肠毒素P基因SEP在大肠杆菌中的表达、蛋白纯化与鸡抗体制备

作     者：Walaa Abduljalil Ali Salam Al-Mathagi 

作者单位：兰州理工大学 

学位级别：硕士

导师姓名：马建忠

授予年度：2021年

学科分类：0710[理学-生物学] 07[理学] 08[工学] 09[农学] 071007[理学-遗传学] 0901[农学-作物学] 0836[工学-生物工程] 090102[农学-作物遗传育种] 

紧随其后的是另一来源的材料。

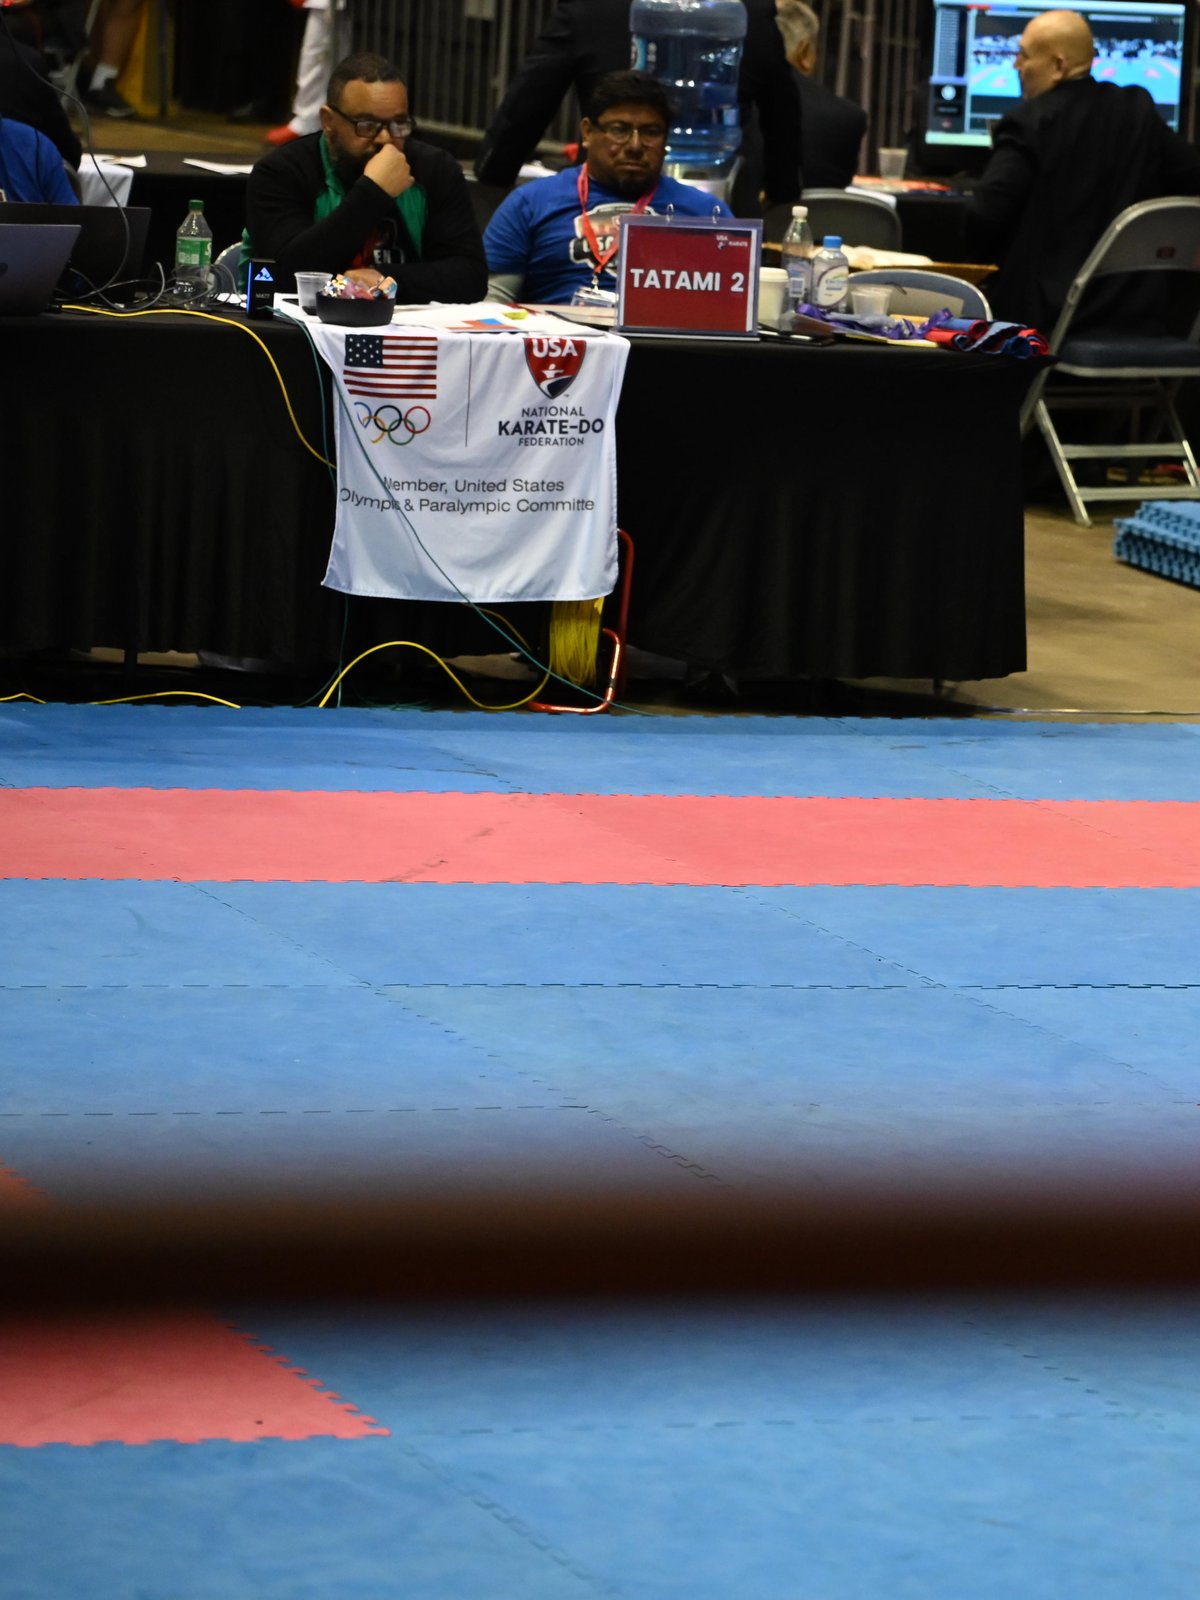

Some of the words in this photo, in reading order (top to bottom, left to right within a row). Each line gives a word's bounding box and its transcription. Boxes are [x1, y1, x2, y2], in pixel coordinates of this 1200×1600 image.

[630, 268, 720, 291] TATAMI
[730, 272, 744, 292] 2
[532, 338, 578, 358] USA
[521, 406, 585, 418] NATIONAL
[498, 418, 604, 436] KARATE-DO
[518, 436, 585, 447] FEDERATION
[454, 478, 507, 492] United
[512, 478, 564, 491] States
[404, 499, 414, 511] &
[419, 498, 510, 515] Paralympic
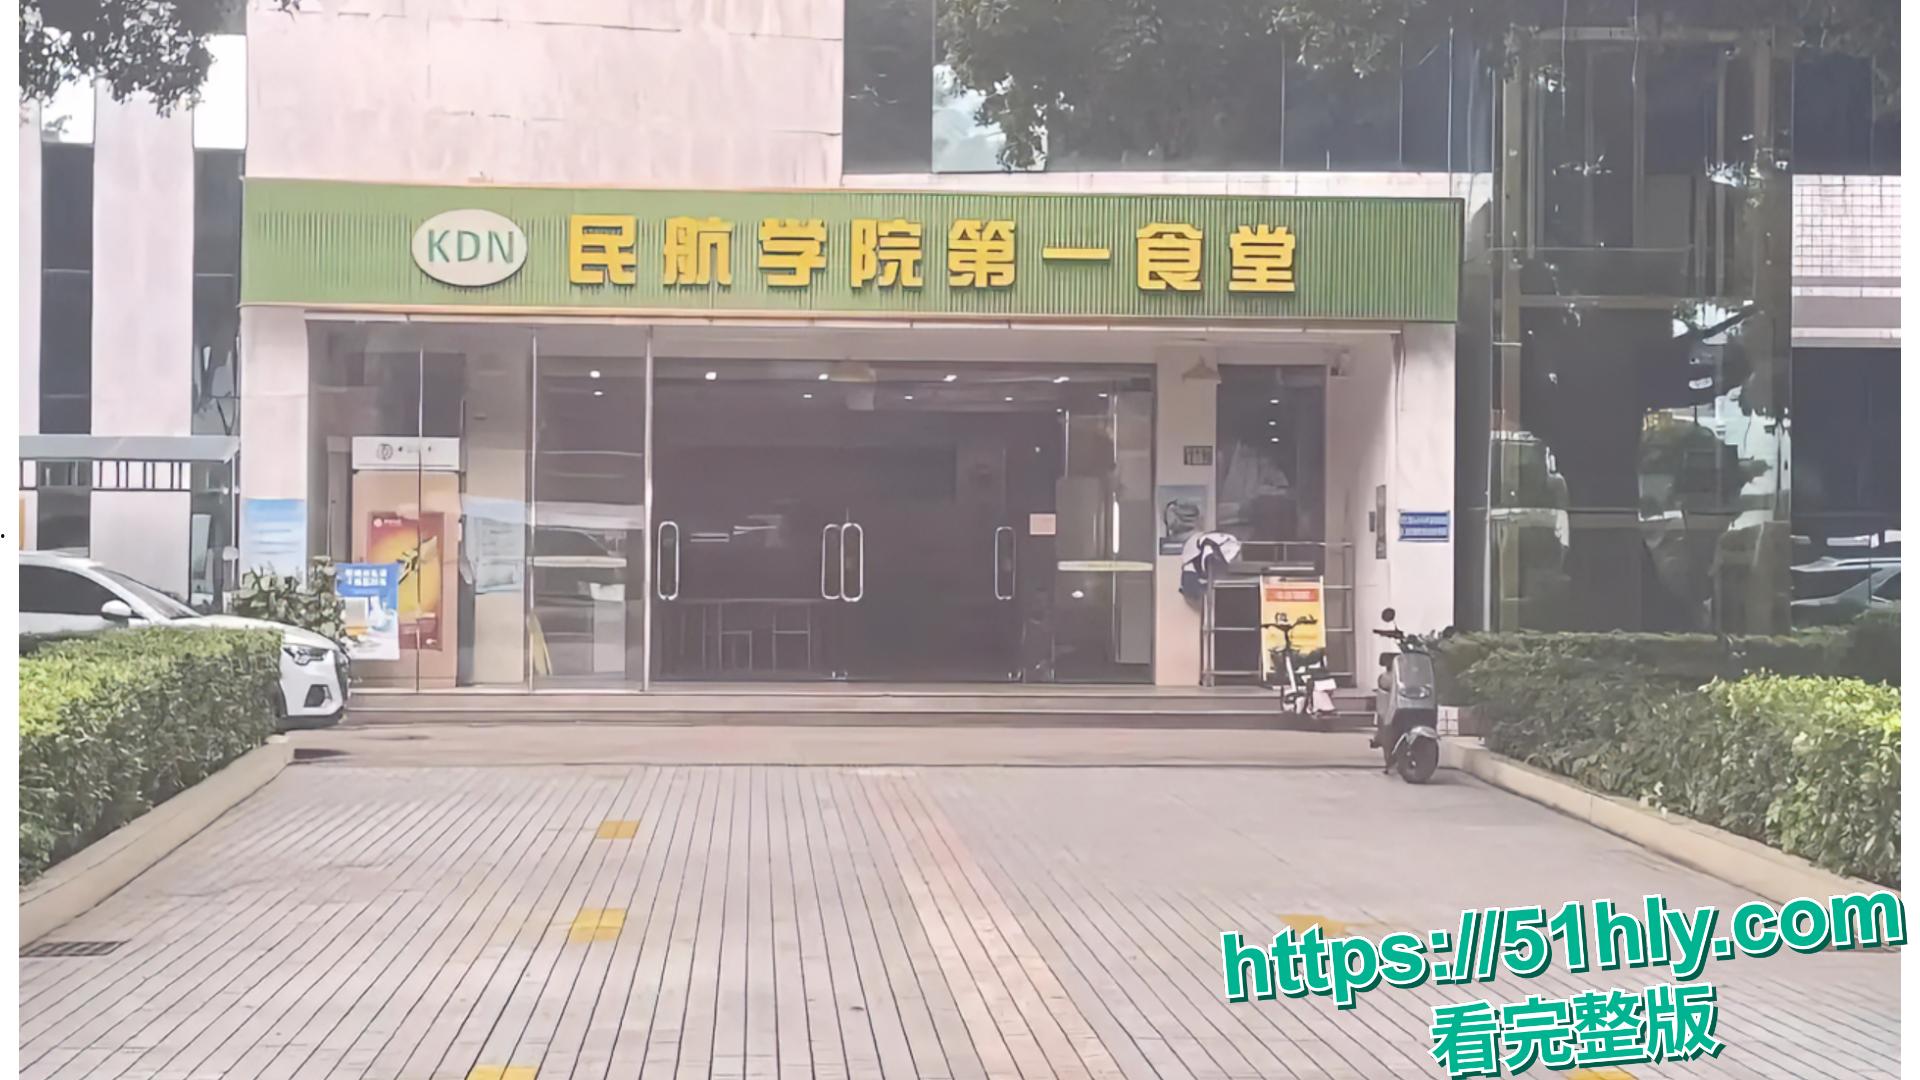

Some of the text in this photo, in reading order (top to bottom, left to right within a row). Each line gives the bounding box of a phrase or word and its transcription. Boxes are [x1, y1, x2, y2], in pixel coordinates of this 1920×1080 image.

主      题：金黄色葡萄球菌 肠毒素P 基因重组 蛋白表达 Ni-NTA亲和层系 鸡卵黄抗体 

摘      要：金黄色葡萄球菌肠毒素(SEs)是金黄色葡萄球菌在生长的对数期或从指数期向稳定期过渡期间合成的有效胃肠外毒素。金黄色葡萄球菌可产生多种胃肠毒素,包括金黄色葡萄球菌肠毒素A、B、C、D、E、F、G、H、I、J、K、L、M、N、O、P等多种肠毒素。金黄色葡萄球菌肠毒素P(SEP)是导致食物中毒的主要因素之一。食物尤其是肉制品和乳制品可因处理不当或在高温下储存而被金黄色葡萄球菌污染。SEP中毒症状发病迅速,病人恶心和剧烈呕吐,伴有或不伴有腹泻。鉴于SEP检测在食品安全方面的重要性,本研究亚克隆了SEP基因至大肠杆菌表达载体、表达、纯化、免疫产蛋鸡并制备了鸡卵黄抗体。以期建立基于免疫学方法检测SEP的相关试剂。本论文的主要研究成果如下:(1)以pUC18-SEP为模板DNA,以Primer F(含EcoRI位点)和Primer R(含SalI位点)为引物扩增了SEP基因。扩增产物经EcoRI和SalI酶切、琼脂糖凝胶电泳分离、回收后与相应限制性内切酶处理的pET28a载体连接,获得pET28a-SEP重组载体。经核苷酸序列分析,亚克隆的SEP基因序列与模板和NCBI数据库中的SEP序列一致。(2)含重组质粒pET28a-SEP的大肠杆菌(*** Rossita)活化后在37℃、220rpm下培养至OD≥0.6,之后在16℃、220rpm下以1mmol/L IPTG诱导过夜。离心收集菌体,超声破碎后进行SDS-PAGE分析。结果表明,SEP蛋白主要以可溶性蛋白形式存在于菌体破碎后的上清中,沉淀中仅有少量SEP蛋白。(3)以商品化SEP抗体检测上述大肠杆菌诱导表达后的蛋白,发现诱导表达量最大的蛋白带(32.6k Da)呈阳性。其与含有标签肽(6x His-Thrombin-T7 Tag)的SEP蛋白的理论分子量(29.77k Da)基本一致。(4)上述细胞裂解液上清以Ni-NTA亲和层析法进行了纯化。纯化后的样品进行SDS-PAGE分析,显示分子量在32.6k Da的蛋白被纯化保留。(5)根据SDS-PAGE结果,Ni-NTA纯化的重组SEP蛋白中仍然存在一些微量的杂蛋白。据此,我们以Sephadex G-100进行了进一步纯化,随后以50%的饱和硫酸铵进行了选择性沉淀,进一步提高了重组蛋白SEP的纯度。(6)经Ni-NTA亲和层析纯化后,从SDS-PAGE凝胶中切下分子量为32.6k Da蛋白的条带做串联质谱鉴定。串联质谱共测得8条肽段的氨基酸残基序列,均与重组SEP蛋白的序列一致。(7)每毫克纯化的重组SEP蛋白与完全弗氏佐剂混合后免疫产蛋鸡三次,每次间隔15天。Dot Blotting分析初步表明,在第二次注射抗原后,IgY活性最高。